San Onofre Unit 1 is not designed to permit on-line reactor trip breaker functional testing. As discussed in responses to Positions 4.1 and 4.2 above and 4.5.3 below, we are participating in the Westinghouse Owners Group programs for determining suitable testing intervals, maintenance programs and breaker replacement intervals in order to assure high breaker reliability. The schedules for our responses to you concerning the impact of the Westinghouse Owners Group programs on maintenance and testing programs at San Onofre Unit 1 are identified in our responses to Positions 4.1, 4.2 and 4.5.3.

3. Existing intervals for on-line functional testing required by Technical Specifications shall be reviewed to determine that the intervals are consistent with achieving high reactor trip system availability when accounting for considerations such as:
1. uncertainties in component failure rates
2. uncertainty in common mode failure rates
3. reduced redundancy during testing
4. operator errors during testing
5. component "wear-out" caused by the testing Licensees currently not performing periodic on-line testing shall determine appropriate test intervals as described above. Changes to existing required intervals for on-line testing as well as the intervals to be determined by licensees currently not performing on-line testing shall be justified by information on the sensitivity of reactor trip system availability to parameters such as the test intervals, component failure rates, and common mode failure rates.

Response

Reactor trip breaker testing is conducted on an annual basis consistent with the current Westinghouse recommendation. We are participating with the Westinghouse Owners Group in a program for determining suitable intervals for testings. The Owners Group has submitted a report, WCAP-10271, "Evaluation of Surveillance Frequencies and Out-of-Service Times for the Reactor Protection Instrumentation System" to the NRC.

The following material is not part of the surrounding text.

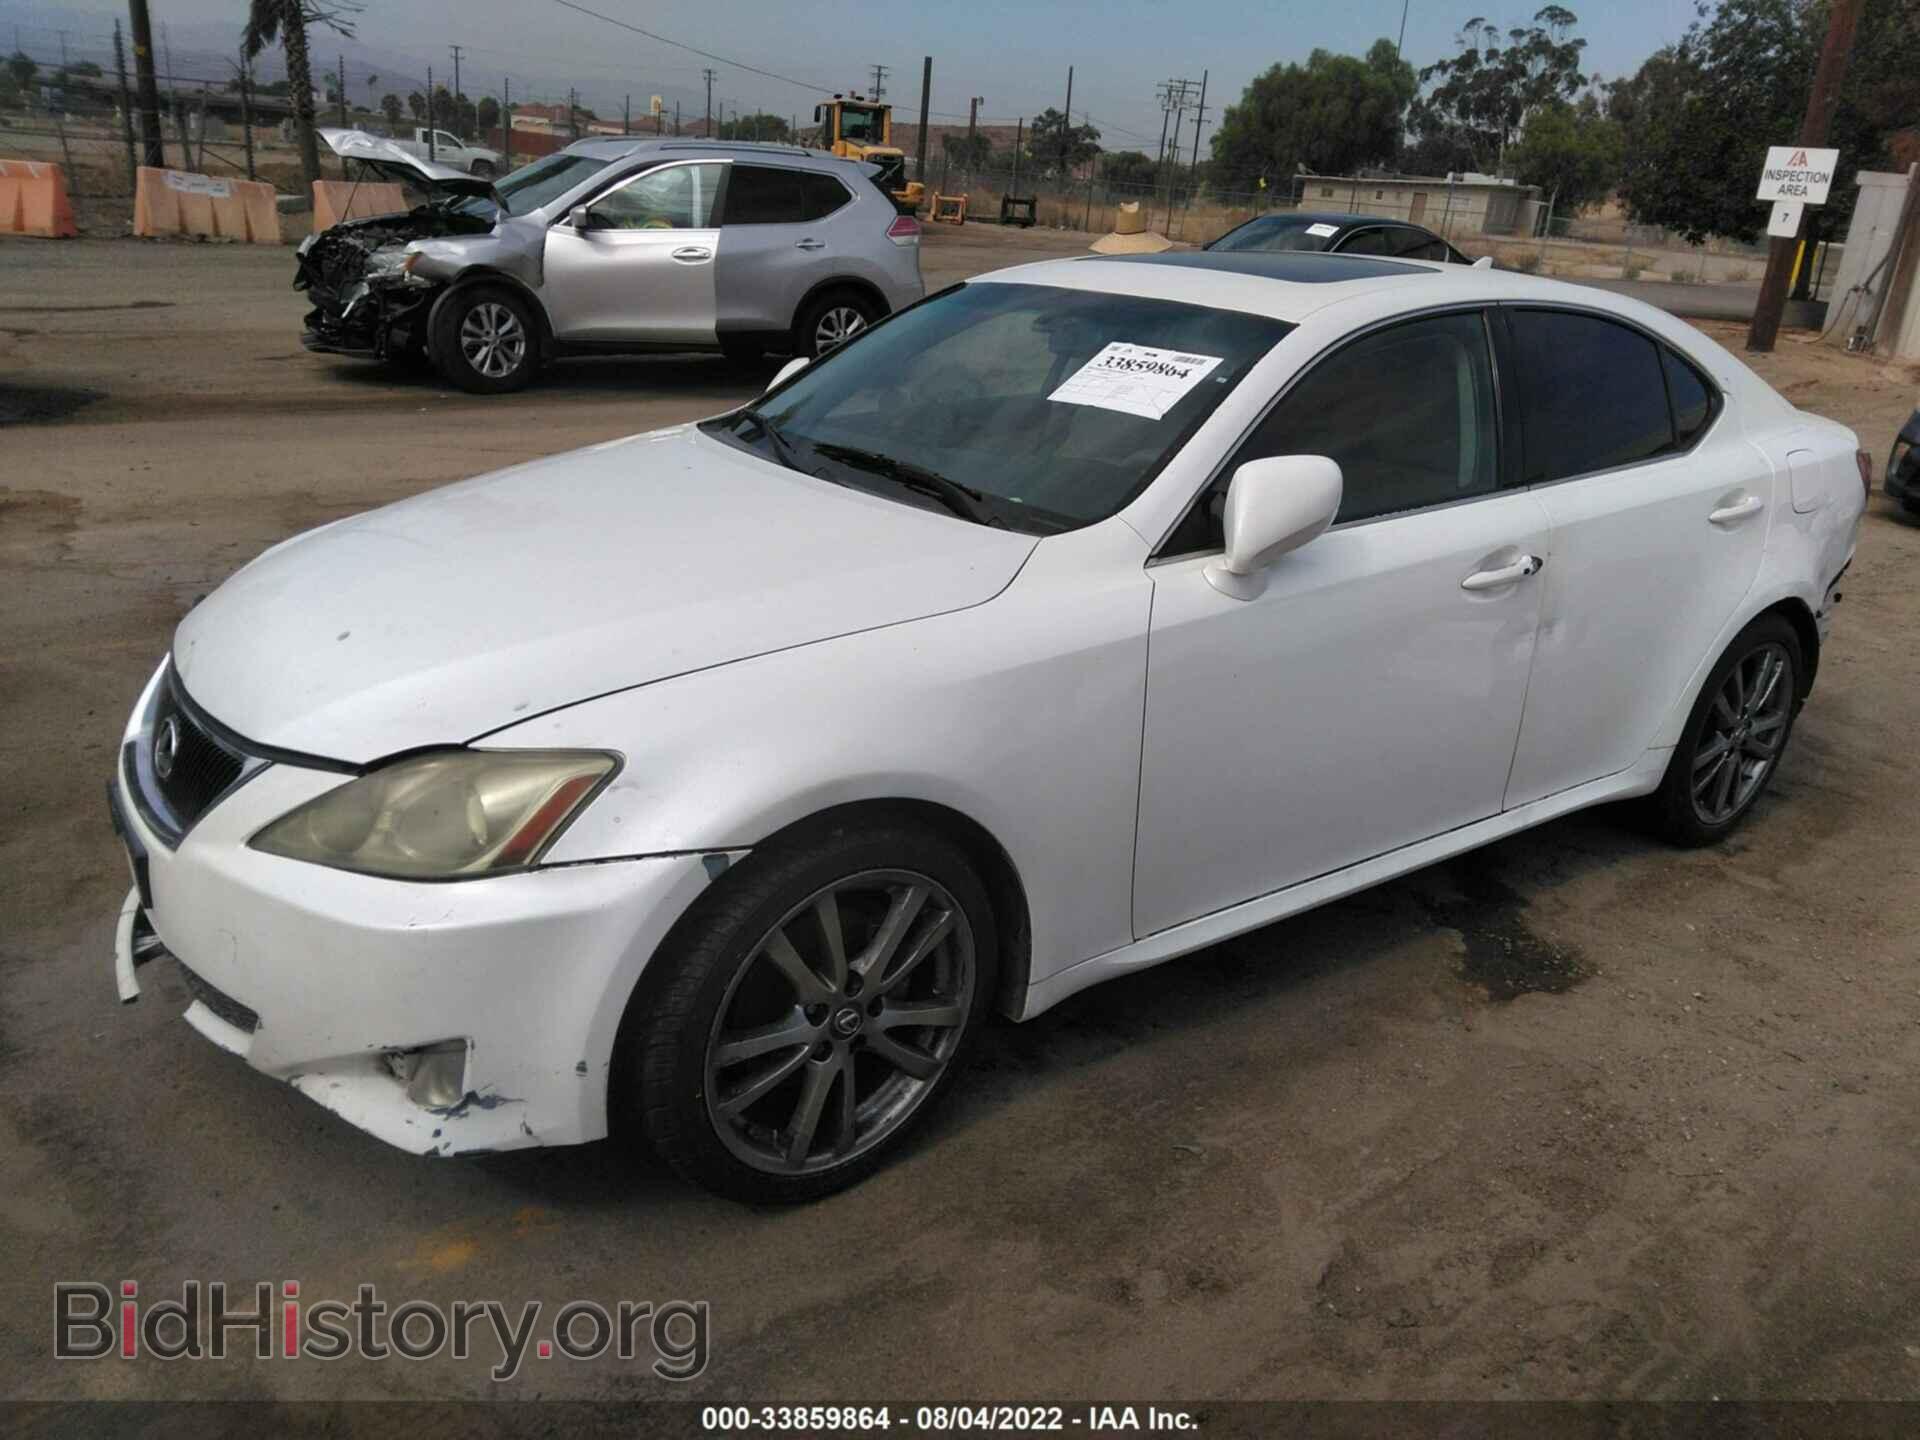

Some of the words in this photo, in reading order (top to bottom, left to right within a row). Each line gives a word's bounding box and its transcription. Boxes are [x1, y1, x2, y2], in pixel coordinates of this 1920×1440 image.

This report describes the impact of RPS unavailability of current and extended surveillance intervals. The Westinghouse Owners Group and the NRC staff are currently resolving open items concerning WCAP-10271.

Westinghouse Owners Group recommendations will be reviewed and necessary changes to our testing, maintenance, and inspection procedures will be

-25 made upon completion of the program. We will review the recommendations resulting from the Westinghouse Owners Group program and provide you with a response within ninety days of the issuance of the recommendations.

This response will provide the status of our review and our plans and schedules for completing the review and our plans and schedules, if available, for actions to be taken as a result of our review. Also included will be plans and schedules for any additions or changes to the Technical Specifications.